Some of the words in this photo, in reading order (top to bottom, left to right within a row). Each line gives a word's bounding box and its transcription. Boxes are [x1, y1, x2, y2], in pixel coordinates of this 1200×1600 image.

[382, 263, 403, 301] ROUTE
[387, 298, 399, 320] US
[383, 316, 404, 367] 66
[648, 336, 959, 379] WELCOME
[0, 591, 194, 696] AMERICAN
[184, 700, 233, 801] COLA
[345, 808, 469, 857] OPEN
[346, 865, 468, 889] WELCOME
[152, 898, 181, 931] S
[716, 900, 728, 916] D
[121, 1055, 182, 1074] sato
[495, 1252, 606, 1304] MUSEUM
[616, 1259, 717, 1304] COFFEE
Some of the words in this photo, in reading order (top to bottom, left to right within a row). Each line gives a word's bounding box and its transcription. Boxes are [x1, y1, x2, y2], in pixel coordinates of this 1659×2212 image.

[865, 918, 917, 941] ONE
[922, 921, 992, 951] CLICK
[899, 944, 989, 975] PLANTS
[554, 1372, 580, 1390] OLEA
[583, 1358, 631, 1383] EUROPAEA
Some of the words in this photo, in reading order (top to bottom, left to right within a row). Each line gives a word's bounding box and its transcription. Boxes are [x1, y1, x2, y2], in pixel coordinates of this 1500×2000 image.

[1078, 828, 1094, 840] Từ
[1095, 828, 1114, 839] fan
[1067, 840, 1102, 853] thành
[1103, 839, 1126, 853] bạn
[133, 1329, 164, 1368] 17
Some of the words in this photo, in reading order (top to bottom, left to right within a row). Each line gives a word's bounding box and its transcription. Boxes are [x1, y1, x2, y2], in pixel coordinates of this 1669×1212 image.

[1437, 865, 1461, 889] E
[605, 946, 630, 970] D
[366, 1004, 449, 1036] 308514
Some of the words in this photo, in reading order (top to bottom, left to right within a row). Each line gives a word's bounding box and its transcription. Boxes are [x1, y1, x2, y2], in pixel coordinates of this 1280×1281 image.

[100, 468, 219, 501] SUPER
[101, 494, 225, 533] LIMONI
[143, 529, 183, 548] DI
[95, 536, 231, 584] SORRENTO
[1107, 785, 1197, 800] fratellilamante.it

◇ ◇ ◇ ◇ ◇

> _Your goal_:
Your answer must be the line containing "this 1500×2000 image." and every line after it through the end of the records above, reproduced exactly and alone.

> _Result for this exercise_:
Some of the words in this photo, in reading order (top to bottom, left to right within a row). Each line gives a word's bounding box and its transcription. Boxes are [x1, y1, x2, y2], in pixel coordinates of this 1500×2000 image.

[1078, 828, 1094, 840] Từ
[1095, 828, 1114, 839] fan
[1067, 840, 1102, 853] thành
[1103, 839, 1126, 853] bạn
[133, 1329, 164, 1368] 17
Some of the words in this photo, in reading order (top to bottom, left to right within a row). Each line gives a word's bounding box and its transcription. Boxes are [x1, y1, x2, y2], in pixel coordinates of this 1669×1212 image.

[1437, 865, 1461, 889] E
[605, 946, 630, 970] D
[366, 1004, 449, 1036] 308514
Some of the words in this photo, in reading order (top to bottom, left to right within a row). Each line gives a word's bounding box and its transcription. Boxes are [x1, y1, x2, y2], in pixel coordinates of this 1280×1281 image.

[100, 468, 219, 501] SUPER
[101, 494, 225, 533] LIMONI
[143, 529, 183, 548] DI
[95, 536, 231, 584] SORRENTO
[1107, 785, 1197, 800] fratellilamante.it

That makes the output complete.